(Phrase grounding data)
--------------------------------------------------

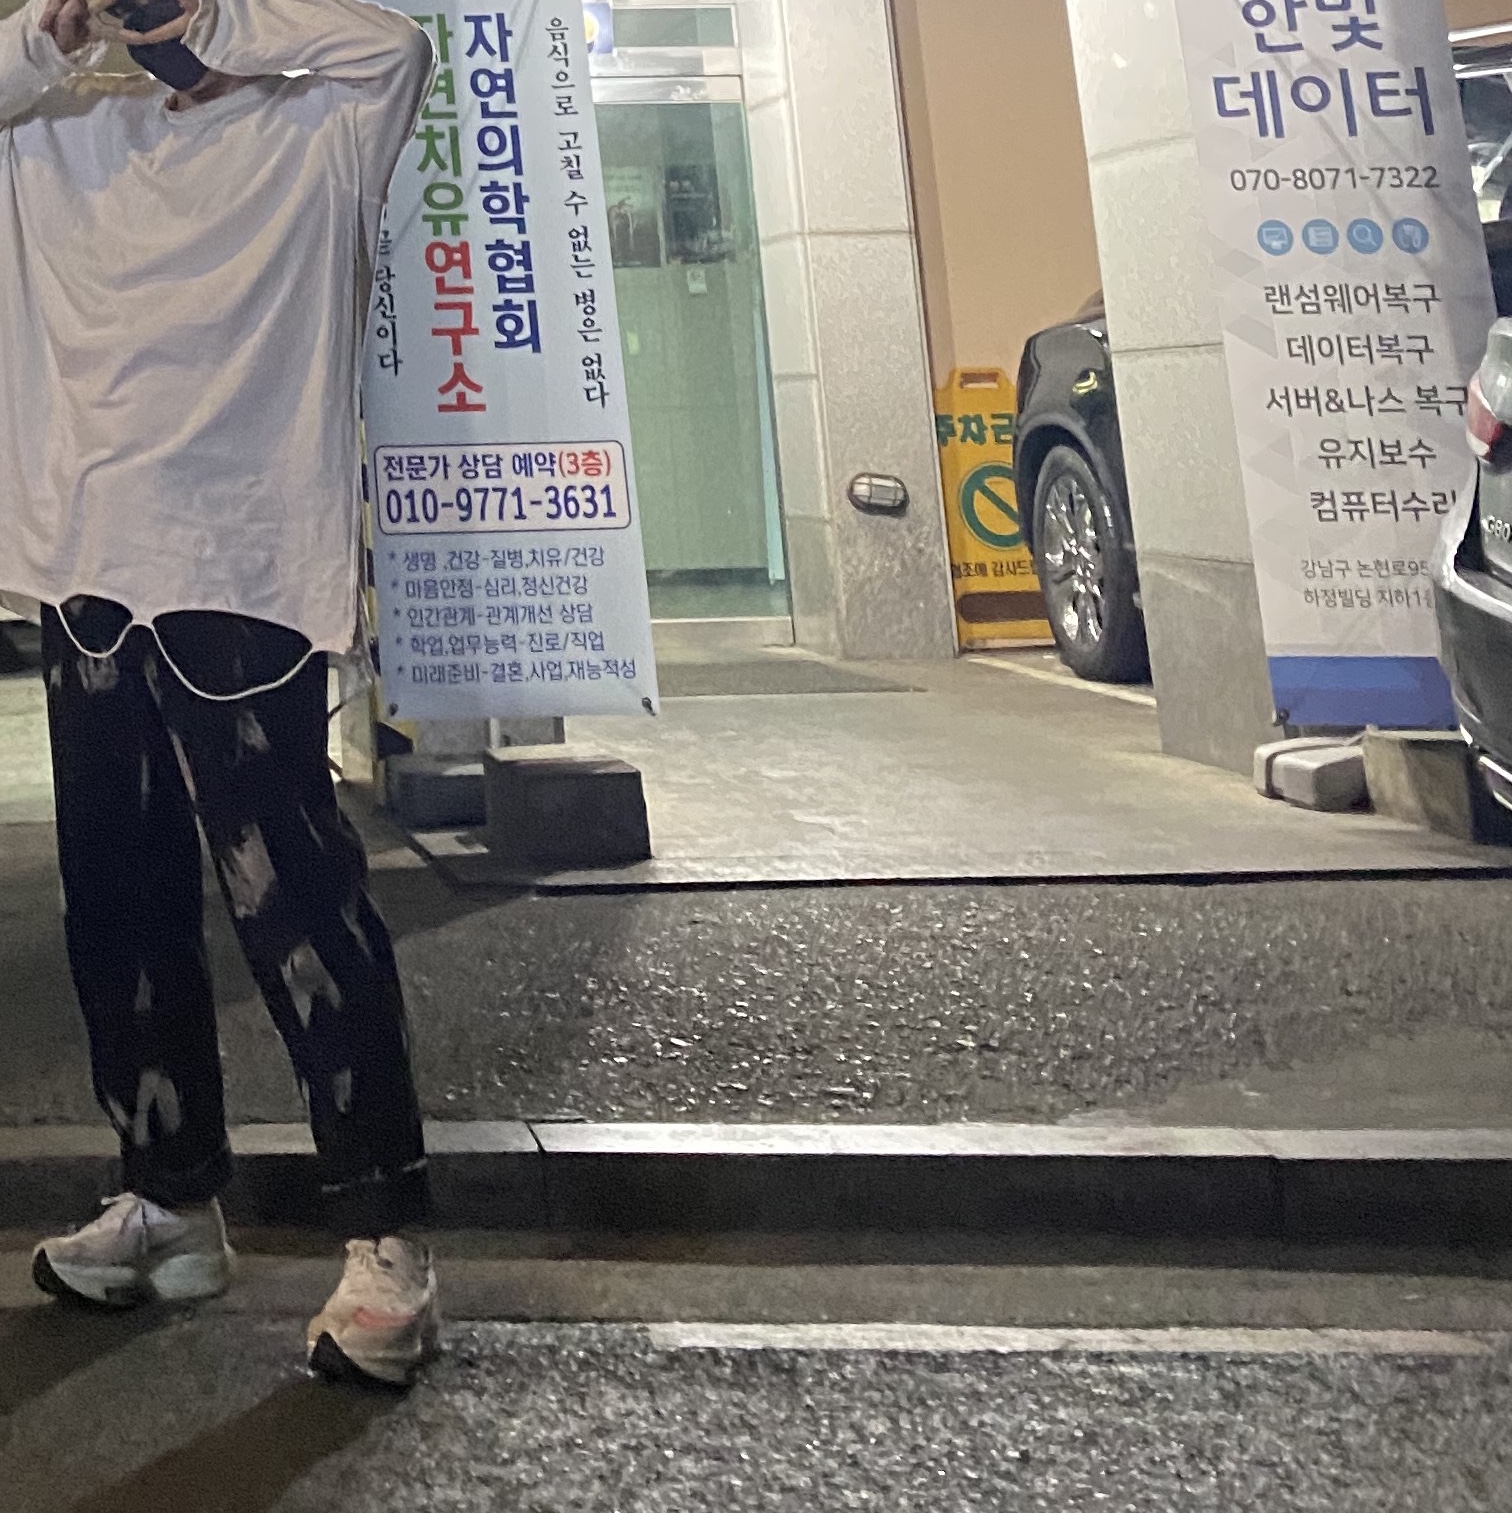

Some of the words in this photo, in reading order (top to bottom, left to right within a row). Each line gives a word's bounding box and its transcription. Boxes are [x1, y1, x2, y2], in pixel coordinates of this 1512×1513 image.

[544, 17, 579, 117] 음식으로
[1212, 66, 1435, 139] 데이터
[558, 131, 585, 181] 고칠
[463, 13, 542, 355] 자연의학협회
[1230, 165, 1440, 192] 070-8071-7322
[564, 189, 589, 217] 수
[567, 225, 596, 280] 없는
[573, 289, 603, 344] 병은
[1264, 283, 1442, 316] 랜섬웨어복구
[374, 265, 404, 378] 당신이다
[1286, 334, 1435, 367] 데이터복구
[582, 353, 611, 409] 없다
[1266, 386, 1406, 418] 서버&나스
[1414, 385, 1469, 417] 복구
[936, 412, 1015, 448] 주차금
[383, 454, 450, 482] 전문가
[458, 452, 504, 480] 상담
[512, 449, 612, 479] 예약(3층)
[1317, 437, 1438, 471] 유지보수
[386, 483, 617, 525] 010-9771-3631
[1310, 488, 1456, 524] 컴퓨터수리
[1301, 558, 1352, 580] 강남구
[560, 602, 594, 625] 상담
[1303, 587, 1373, 609] 하정빌딩
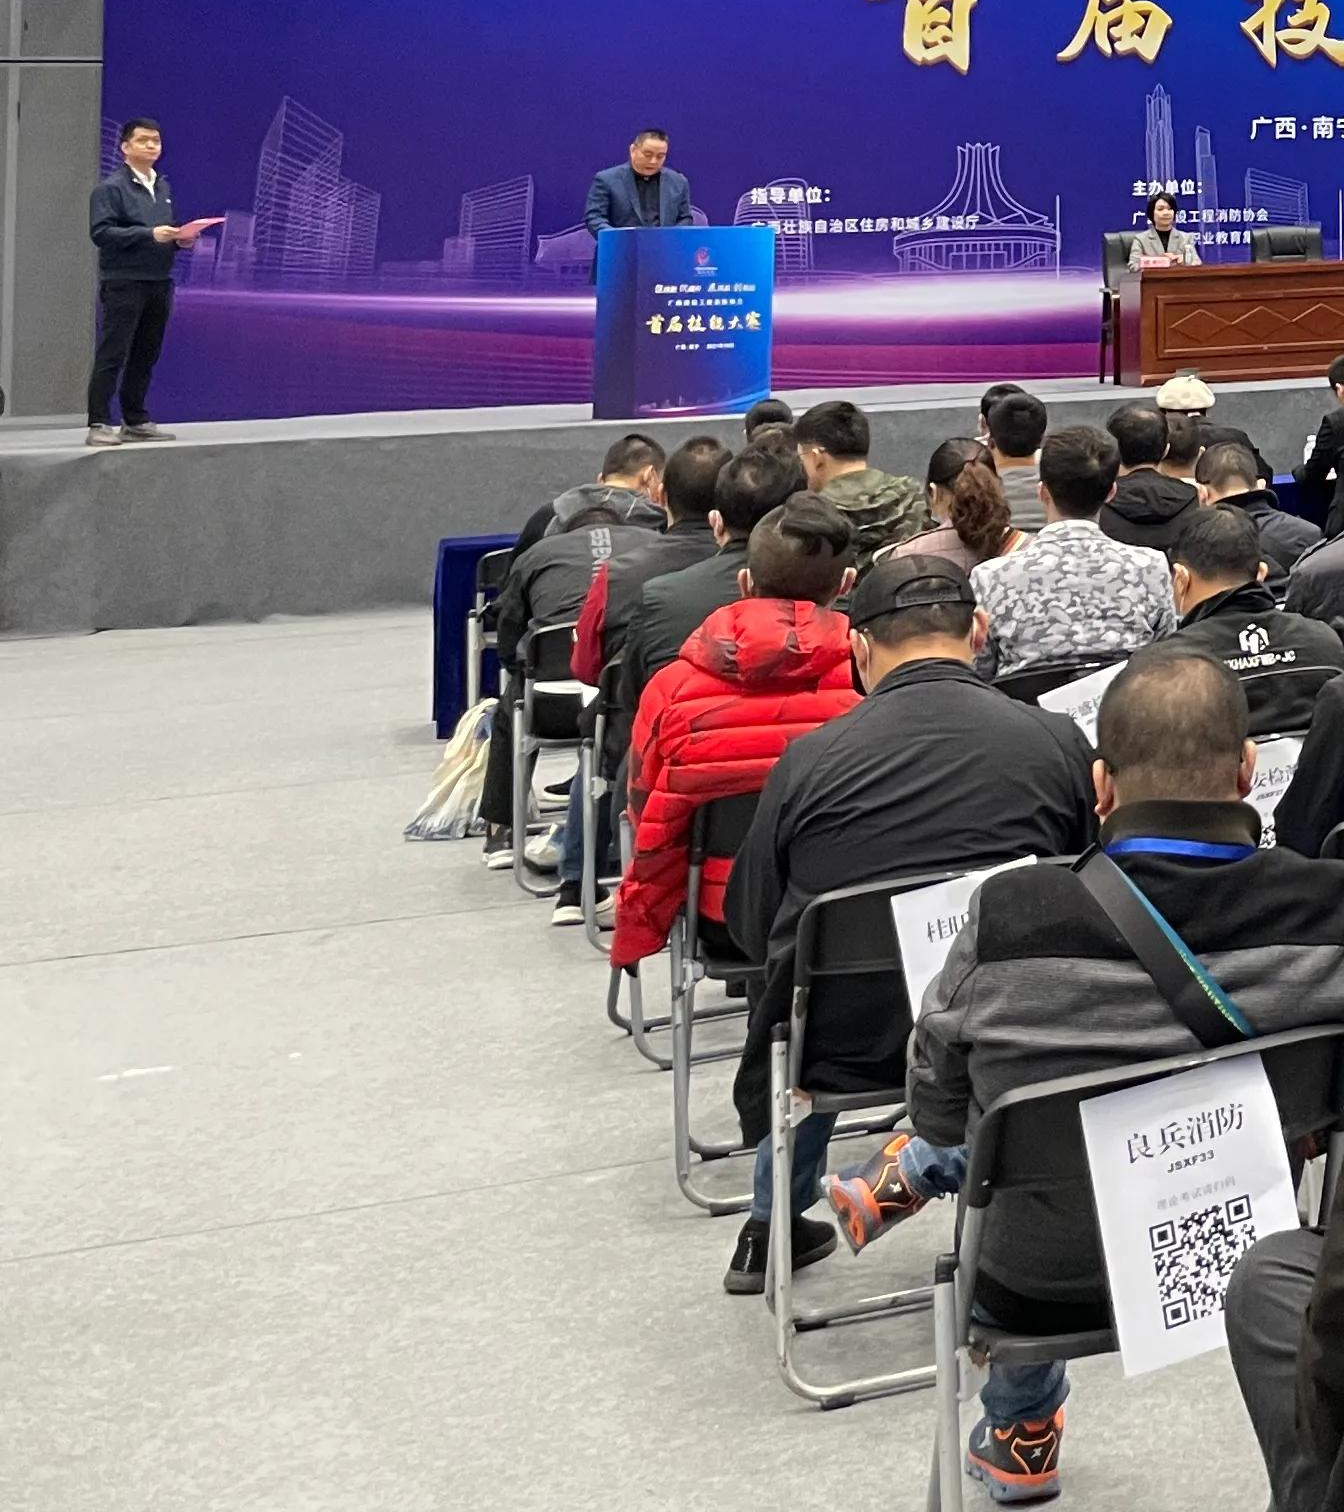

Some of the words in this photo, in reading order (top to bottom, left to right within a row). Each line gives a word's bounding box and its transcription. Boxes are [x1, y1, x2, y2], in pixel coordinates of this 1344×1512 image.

[1126, 1103, 1244, 1164] 良兵消防
[1167, 1149, 1215, 1173] JSXF33

--------------------------------------------------

Task description: Would you write out the data exactly, with no pictures in the copy?

Answer space:
Some of the words in this photo, in reading order (top to bottom, left to right within a row). Each line gives a word's bounding box and its transcription. Boxes are [x1, y1, x2, y2], in pixel coordinates of this 1512×1513 image.

[544, 17, 579, 117] 음식으로
[1212, 66, 1435, 139] 데이터
[558, 131, 585, 181] 고칠
[463, 13, 542, 355] 자연의학협회
[1230, 165, 1440, 192] 070-8071-7322
[564, 189, 589, 217] 수
[567, 225, 596, 280] 없는
[573, 289, 603, 344] 병은
[1264, 283, 1442, 316] 랜섬웨어복구
[374, 265, 404, 378] 당신이다
[1286, 334, 1435, 367] 데이터복구
[582, 353, 611, 409] 없다
[1266, 386, 1406, 418] 서버&나스
[1414, 385, 1469, 417] 복구
[936, 412, 1015, 448] 주차금
[383, 454, 450, 482] 전문가
[458, 452, 504, 480] 상담
[512, 449, 612, 479] 예약(3층)
[1317, 437, 1438, 471] 유지보수
[386, 483, 617, 525] 010-9771-3631
[1310, 488, 1456, 524] 컴퓨터수리
[1301, 558, 1352, 580] 강남구
[560, 602, 594, 625] 상담
[1303, 587, 1373, 609] 하정빌딩

Some of the words in this photo, in reading order (top to bottom, left to right within a row). Each line gives a word's bounding box and its transcription. Boxes are [x1, y1, x2, y2], in pixel coordinates of this 1344×1512 image.

[1126, 1103, 1244, 1164] 良兵消防
[1167, 1149, 1215, 1173] JSXF33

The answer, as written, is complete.